|
Escrito por Dr. Angel Ortíz, Catedrático y Profesor Distinguido
Viernes, 10 de Agosto de 2012 10:43 |
|
|
|
|
|
Tontas por Amor |
Maha Abdel Rahim, a pesar de su nombre raro, es una puertorriqueña de padre palestino y madre siria. Su historia es un periódico de ayer, una película que hemos visto muchas veces. Maha, profesora universitaria aunque tonta por amor, se casó con Rasim Hallum, un inmigrante de origen sirio pero residente ahora en California. Cuando viene el divorcio o la separación el padre reclamó a la prole de ambos de nombre Kamal, aduciendo que Puerto Rico no es un lugar apropiado para su crianza debido a la criminalidad existente, los problemas relacionados con la salud y el caótico sistema público.
Realmente lo que existe en este caso, como en tantos otros, es un choque de culturas, donde la gran mayoría de los individuos procedentes de países del Mediano Oriente y creencias islámicas tienen una tradición machista y los derechos de las mujeres se reducen a cero. Áreas como Irán, Irak, Jordania y Kuwait, Afganistán, Paquistán, Nepal, Yemen, entre otros, entienden y se rigen por normas que degradan a la mujer como ser humano por lo que le proveen al hombre y a la familia atribuciones arbitrarias. Aunque se difiere en el grado en el cual cada uno de ellos aplica sus normas desde más o menos extremos la constante es el rol predominante del hombre quien puede impunemente quitarle la vida a la mujer por el simple hecho de levantar la vista del suelo al caminar.
La pregunta es sencilla ¿por qué una mujer con una cultura occidental decide unirse con un individuo que procede de los entornos mencionados? Lo hace por amor, lo hace porque es una tonta. Cuando la fémina acepta la cultura del esposo no hay problema alguno, pero cuando se rebela o difiere, las cortes siempre otorgan la patria potestad al padre. Luego la tonta acude a la prensa o a su gobierno lamentándose para que la protejan.
La prestigiosa revista National Geogtaphic publicó en su portada del 1985 la foto de una refugiada afgana de sólo 17 años. La belleza de la niña llamada Shabat Gula recorrió el mundo a través de los medios de comunicación. En el 2002 la misma revista decide trazar el destino de Shabat, la encontraron ahora con 30 años viviendo en una cueva con tres hijos y un esposo, todos ellos iliteratos. Para poderla entrevistar tuvo que pedirle permiso a su esposo para quitarse la “shastria”, el velo con el cual se cubren la cara. De atreverse a quitárselo sin su permiso le podría costar la vida. Así es el mambo en Afganistan y los demás países. También en el mismo país en el 2010 un individuo hizo un préstamo y al no poder pagar entregó a dos de sus hijas al prestamista. Una de ellas, Bibi Aishu, recibía una golpiza a diario además de todos los abusos imaginables ya que de hecho era una esclava. Ella sabía que tarde o temprano el canalla la mataría. Por lo tanto decidió escapar. Al año fue capturada, cumplió una sentencia y al fin le fue entregada de nuevo a su amo. Este le cortó la nariz y una oreja y la dejó para que muriera en el desierto, la revista Time, agosto 9, 2001 la presentó mutilada en su portada con el título What happens if we leave Afganistan, realmente no se sabe como ella salió del desierto lo cierto es que una misión la rescata y la envía a los Ángeles California donde le reconstruyeron la cara. Su hermana permanece en manos de esclavistas.

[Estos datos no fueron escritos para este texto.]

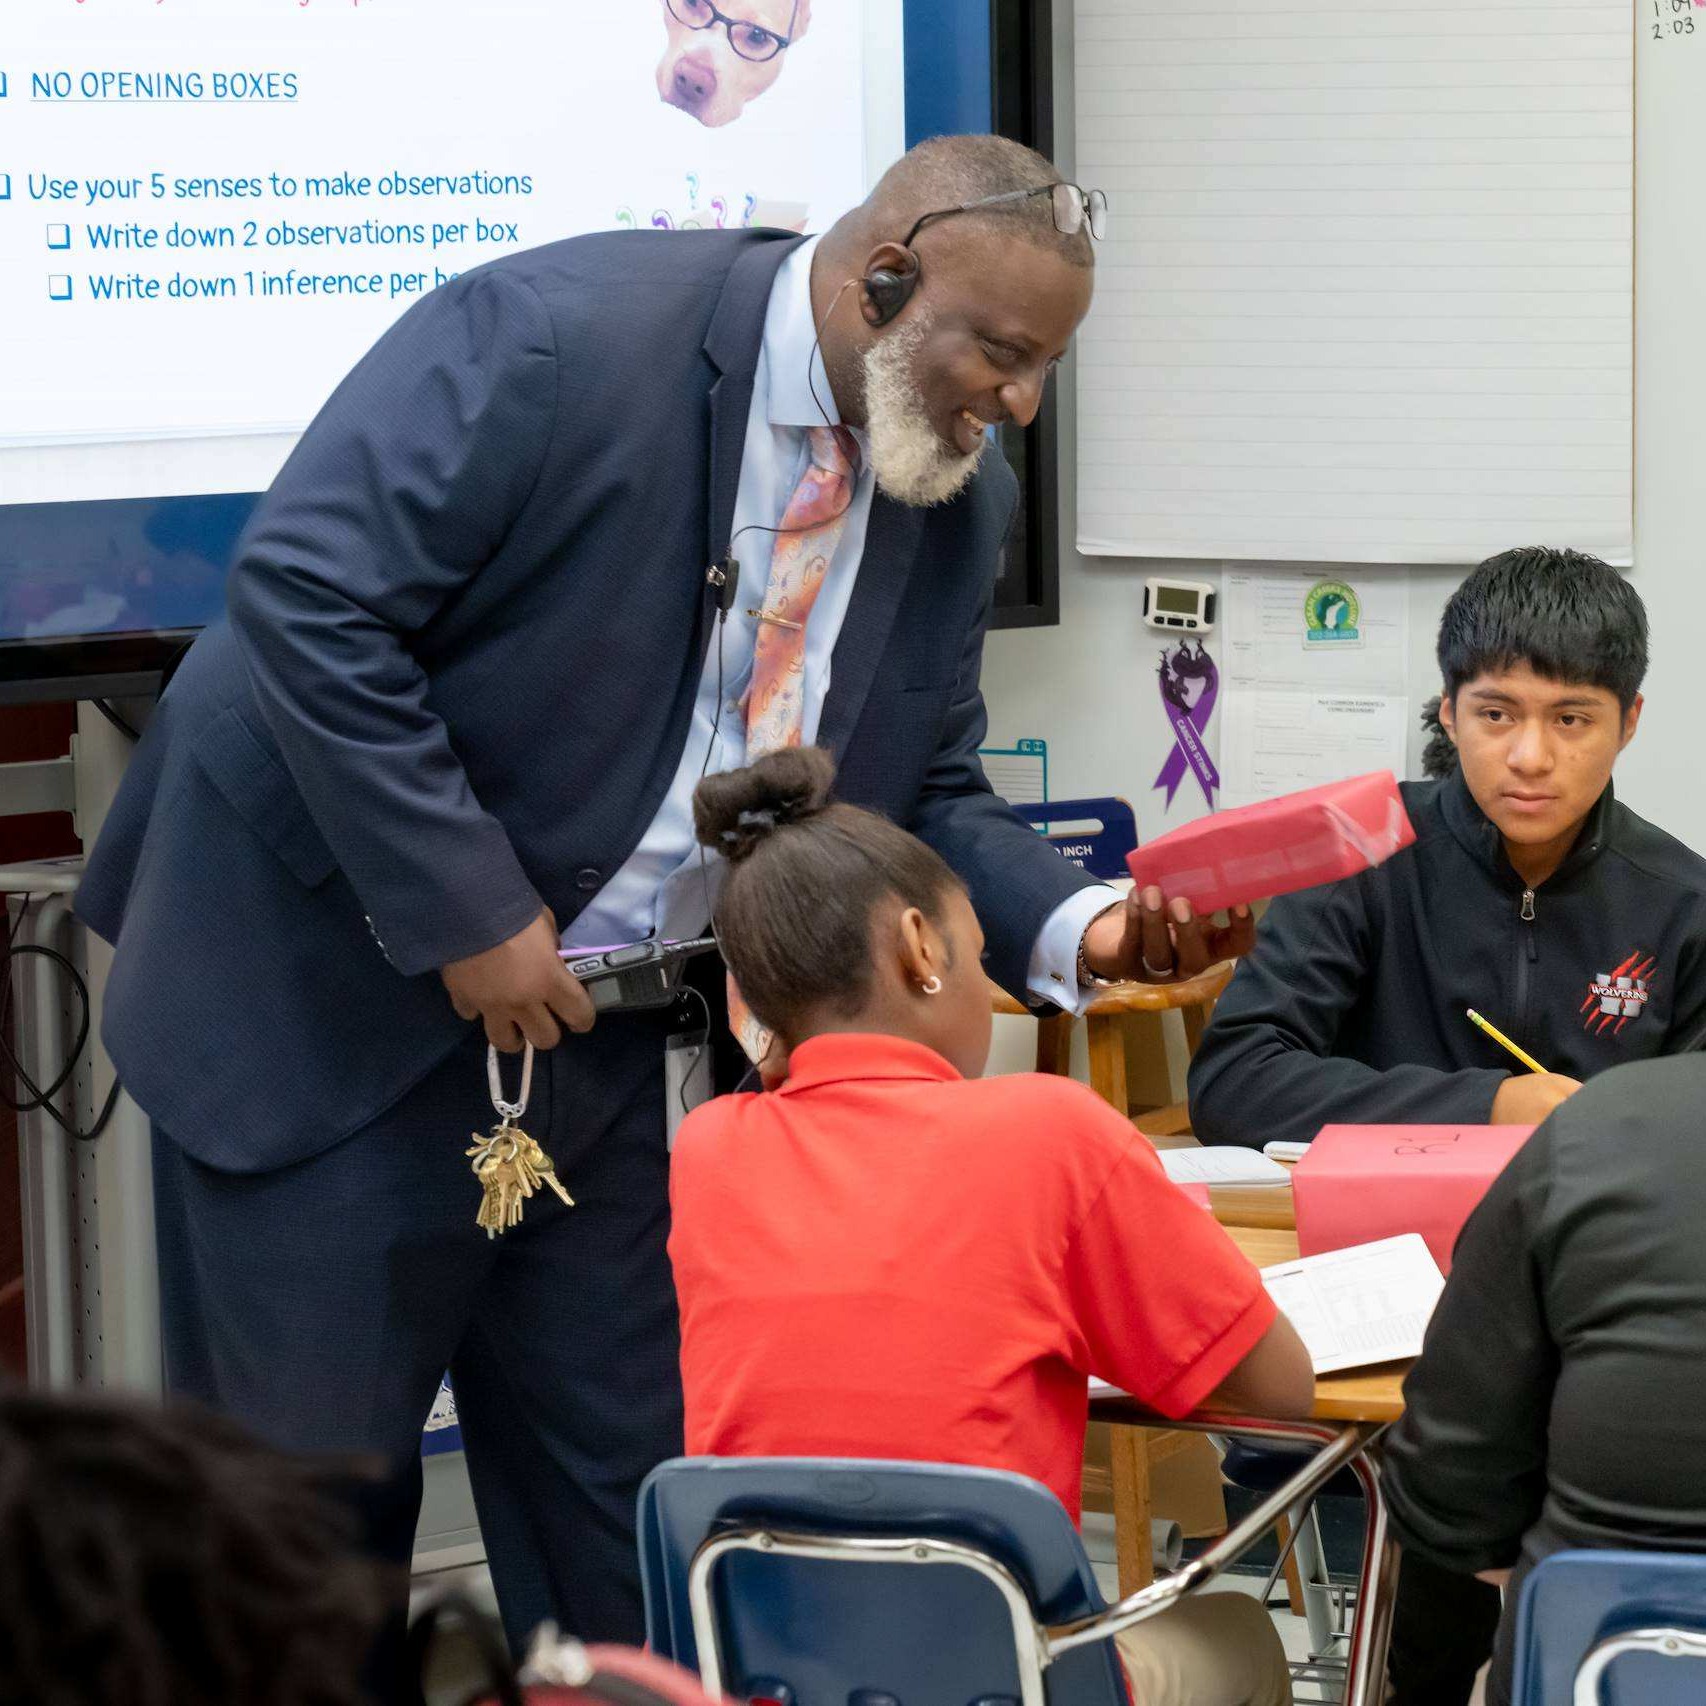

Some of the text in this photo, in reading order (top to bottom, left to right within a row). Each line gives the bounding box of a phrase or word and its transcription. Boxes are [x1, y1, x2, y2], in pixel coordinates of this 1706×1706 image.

En resumen, por amor se han peleado guerras, se han caído imperios, se han renunciado reinos, se han liquidado políticos, pero todavía, en pleno siglo XXI no entendemos como las personas seleccionan esclavizarse a un extranjero por este concepto. Cuando el amor se acaba también termina su vida y en ciertos países estás acciones son legales. Por lo tanto lo menos que puede hacer una fémina es investigar de dónde viene su futuro compañero y establecer las reglas previo al matrimonio, de lo contrario espere que le bailen un paso doble en el rostro que es avalado por su cultura. Por favor “choices have consequences”, a llorar para maternidad. Usted mujer, no nace para “punching bag” usted es un ser humano viviendo en una cultura democrática. No sea zángana.